Free-text object descriptions:
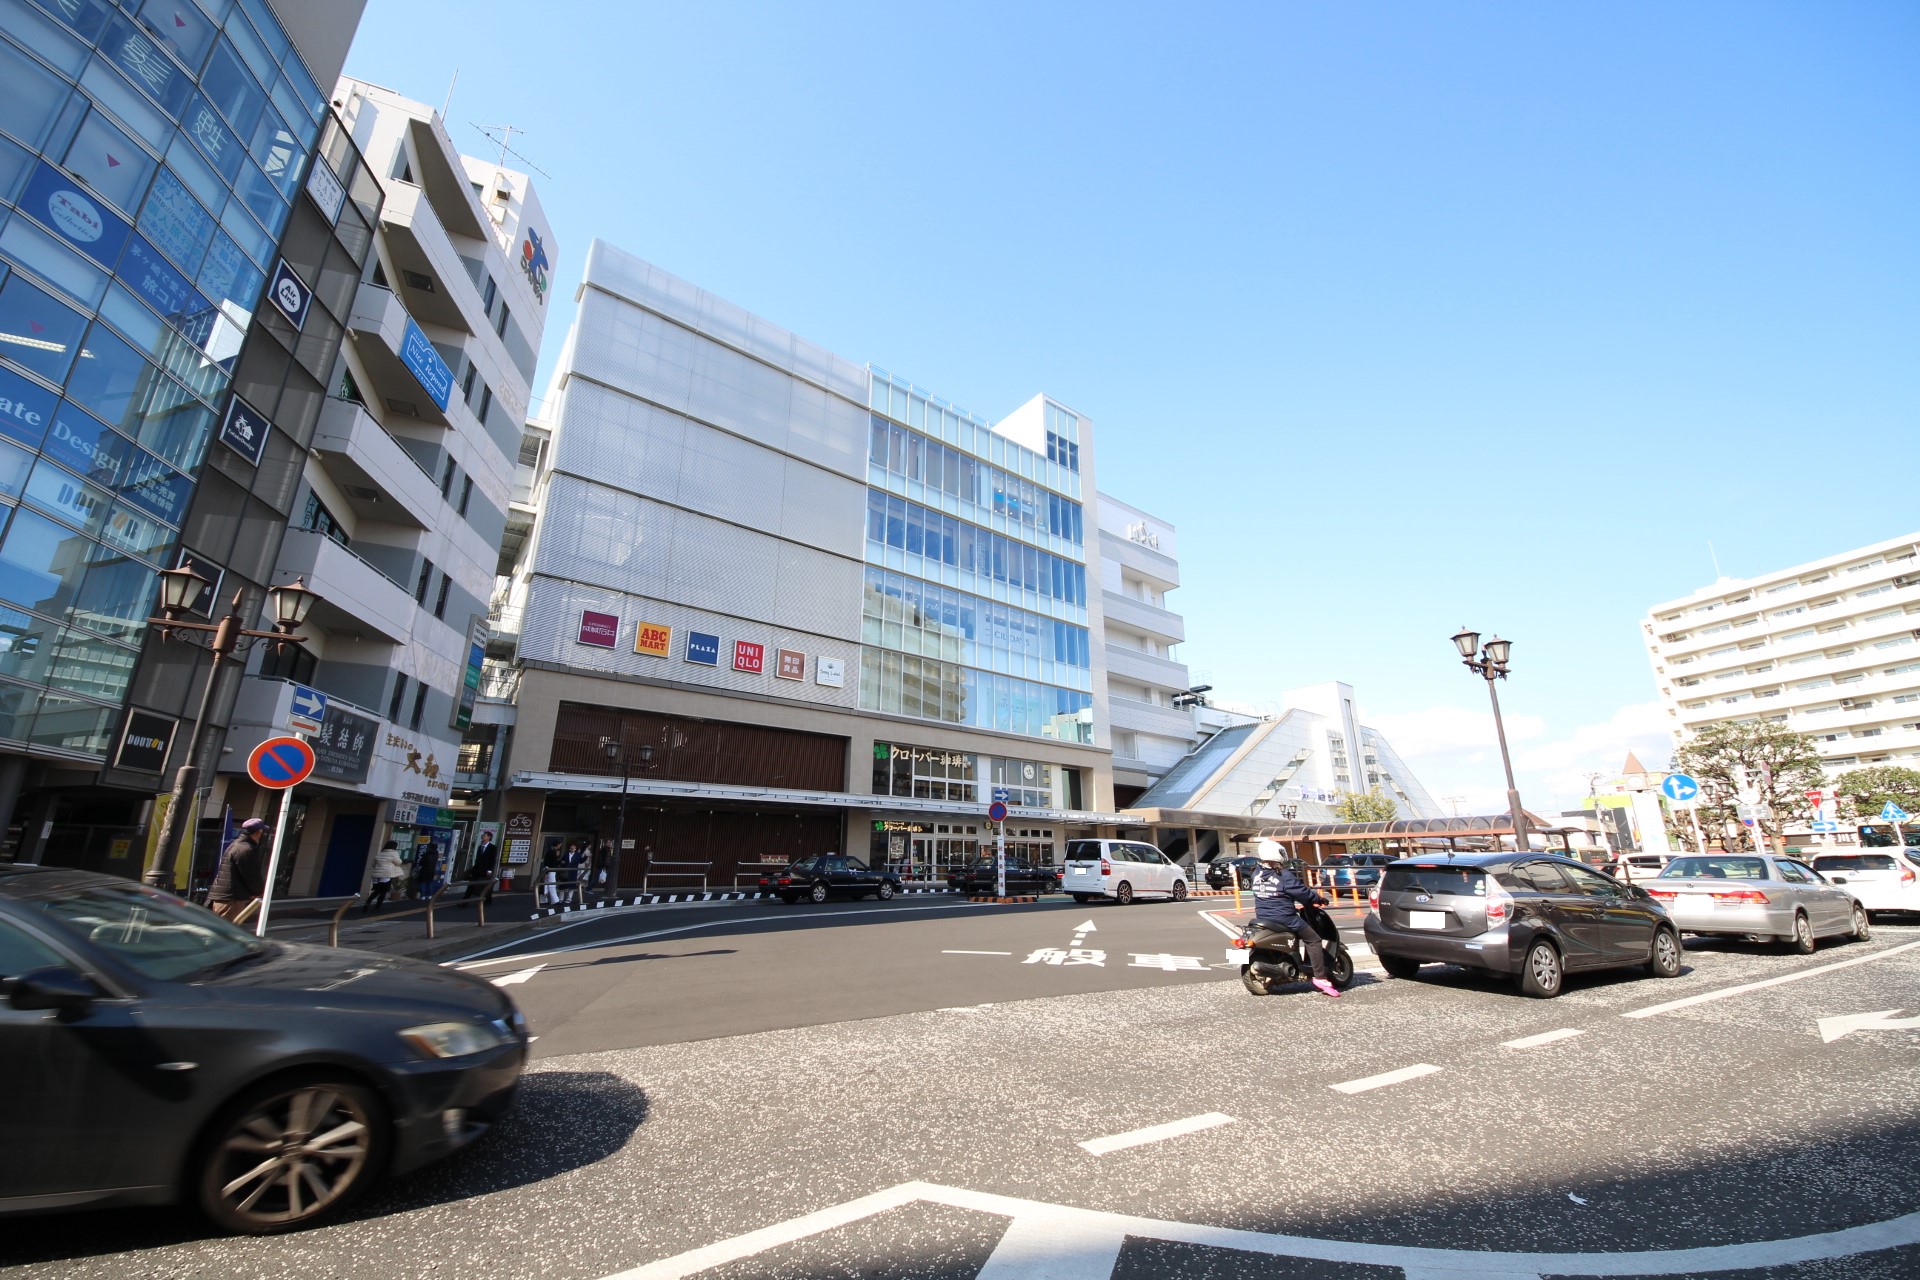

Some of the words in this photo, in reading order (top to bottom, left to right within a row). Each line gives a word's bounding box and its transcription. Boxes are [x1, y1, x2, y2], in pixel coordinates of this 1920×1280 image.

[57, 194, 99, 230] Tabi
[280, 287, 297, 308] Link
[284, 284, 297, 298] Air
[410, 345, 424, 365] Nice
[52, 420, 122, 474] Design
[641, 628, 667, 642] ABC
[640, 639, 666, 651] MART
[690, 643, 716, 654] PLAZA
[739, 644, 759, 657] UNI
[737, 656, 760, 669] QLO
[784, 655, 800, 665] 無印
[783, 664, 799, 674] 良品
[127, 734, 164, 751] DOUTOR
[320, 722, 364, 756] 髪結師
[386, 732, 414, 751] 住まいの
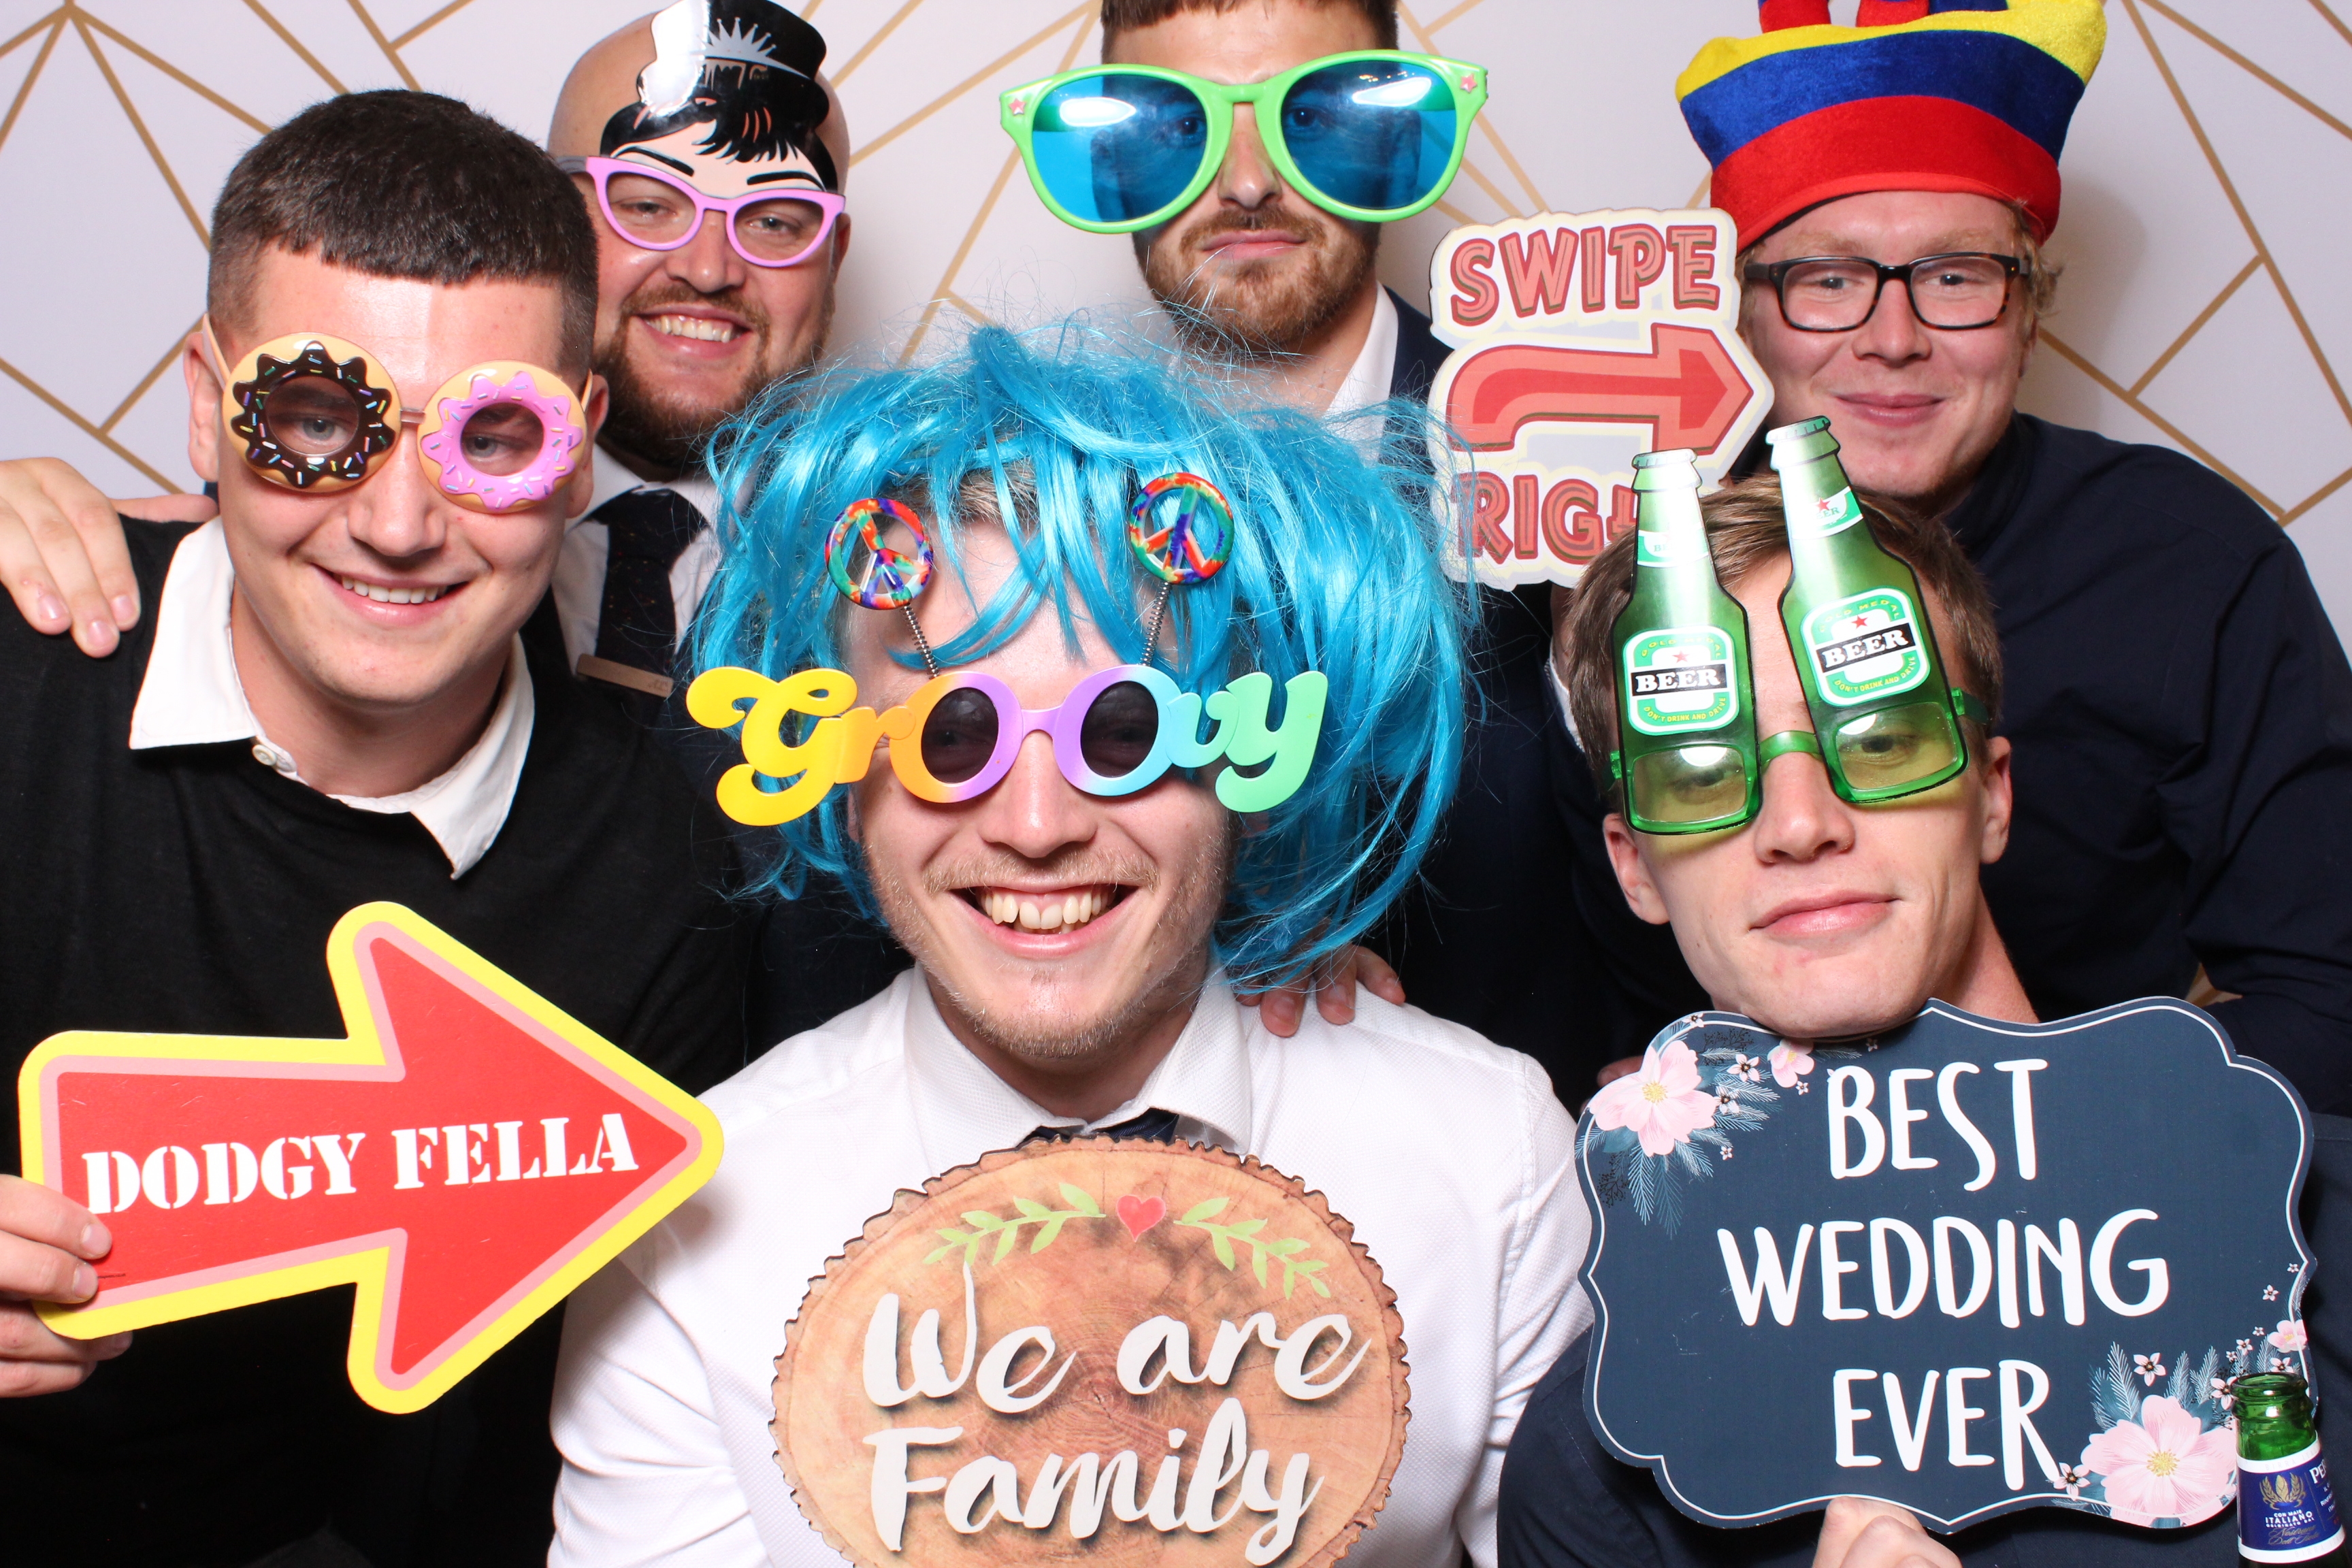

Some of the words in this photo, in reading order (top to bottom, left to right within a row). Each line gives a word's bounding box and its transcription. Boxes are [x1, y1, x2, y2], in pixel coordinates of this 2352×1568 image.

[1450, 223, 1720, 326] SWIPE
[1450, 471, 1636, 565] RIG
[1641, 639, 1677, 657] GOLD
[1818, 609, 1852, 634] GOLD
[1859, 599, 1901, 619] MEDAL
[1822, 630, 1909, 668] BEER
[1635, 668, 1721, 693] BEER
[1643, 706, 1666, 722] DON'T
[1667, 714, 1690, 723] DRINK
[1692, 713, 1707, 721] AND
[1709, 697, 1727, 717] DRIVE
[1833, 679, 1859, 693] DON'T
[1860, 680, 1884, 692] DRINK
[1884, 676, 1901, 685] AND
[1900, 656, 1916, 679] DRIVE
[82, 1131, 365, 1214] DODGY
[391, 1113, 639, 1191] FELLA
[1829, 1058, 2048, 1192] BEST
[1717, 1209, 2170, 1329] WEDDING
[862, 1261, 1077, 1414] We
[1116, 1312, 1372, 1401] are
[1833, 1360, 2060, 1490] EVER
[862, 1397, 1325, 1567] Family
[2265, 1510, 2313, 1524] ITALIANO
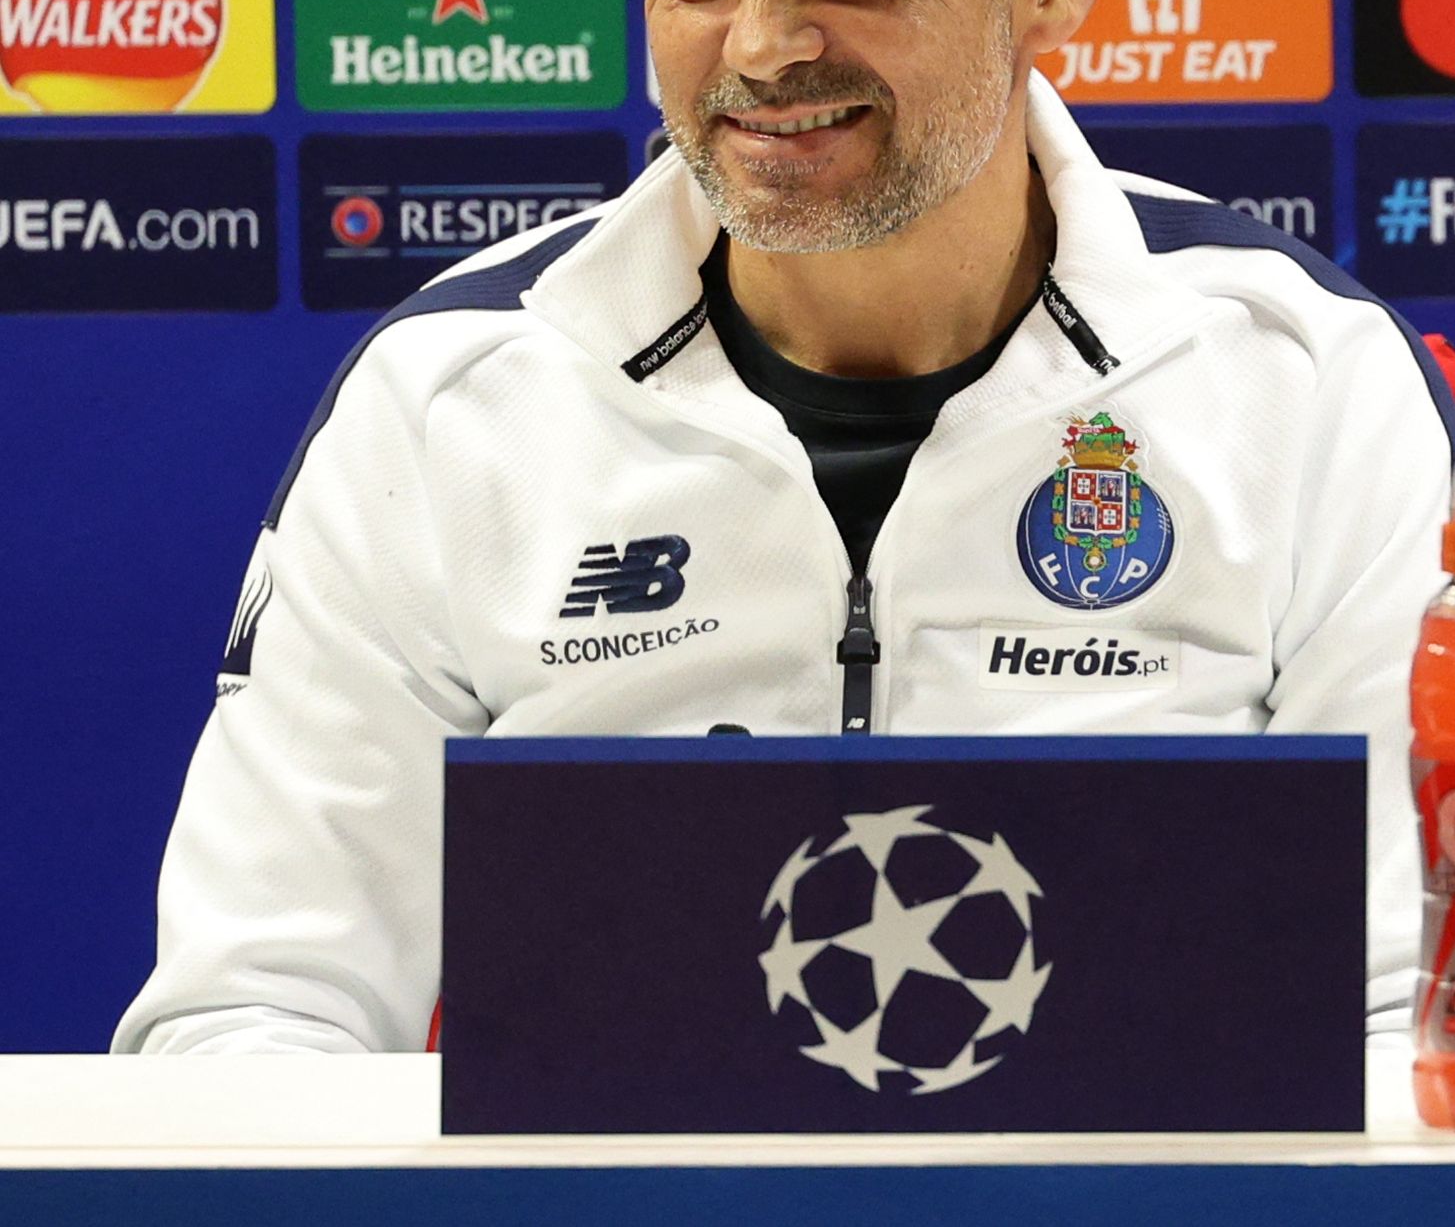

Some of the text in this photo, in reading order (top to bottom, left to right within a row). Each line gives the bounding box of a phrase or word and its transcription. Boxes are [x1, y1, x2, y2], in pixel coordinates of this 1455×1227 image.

Instructions to follow: The entries above should be given again exactly, minus any pictures.

Response:
Some of the words in this photo, in reading order (top to bottom, left to right within a row). Each line gives a word's bounding box and its transcription. Boxes are [x1, y1, x2, y2], in pixel coordinates of this 1920×1280 image.

[57, 194, 99, 230] Tabi
[280, 287, 297, 308] Link
[284, 284, 297, 298] Air
[410, 345, 424, 365] Nice
[52, 420, 122, 474] Design
[641, 628, 667, 642] ABC
[640, 639, 666, 651] MART
[690, 643, 716, 654] PLAZA
[739, 644, 759, 657] UNI
[737, 656, 760, 669] QLO
[784, 655, 800, 665] 無印
[783, 664, 799, 674] 良品
[127, 734, 164, 751] DOUTOR
[320, 722, 364, 756] 髪結師
[386, 732, 414, 751] 住まいの

Some of the words in this photo, in reading order (top to bottom, left to right within a row). Each line gives a word's bounding box and its transcription. Boxes are [x1, y1, x2, y2], in pixel coordinates of this 2352×1568 image.

[1450, 223, 1720, 326] SWIPE
[1450, 471, 1636, 565] RIG
[1641, 639, 1677, 657] GOLD
[1818, 609, 1852, 634] GOLD
[1859, 599, 1901, 619] MEDAL
[1822, 630, 1909, 668] BEER
[1635, 668, 1721, 693] BEER
[1643, 706, 1666, 722] DON'T
[1667, 714, 1690, 723] DRINK
[1692, 713, 1707, 721] AND
[1709, 697, 1727, 717] DRIVE
[1833, 679, 1859, 693] DON'T
[1860, 680, 1884, 692] DRINK
[1884, 676, 1901, 685] AND
[1900, 656, 1916, 679] DRIVE
[82, 1131, 365, 1214] DODGY
[391, 1113, 639, 1191] FELLA
[1829, 1058, 2048, 1192] BEST
[1717, 1209, 2170, 1329] WEDDING
[862, 1261, 1077, 1414] We
[1116, 1312, 1372, 1401] are
[1833, 1360, 2060, 1490] EVER
[862, 1397, 1325, 1567] Family
[2265, 1510, 2313, 1524] ITALIANO

Some of the text in this photo, in reading order (top to bottom, left to right within a row). Each line gives the bounding box of a phrase or word and its transcription. Boxes are [x1, y1, x2, y2], in pixel coordinates of this 1455×1227 image.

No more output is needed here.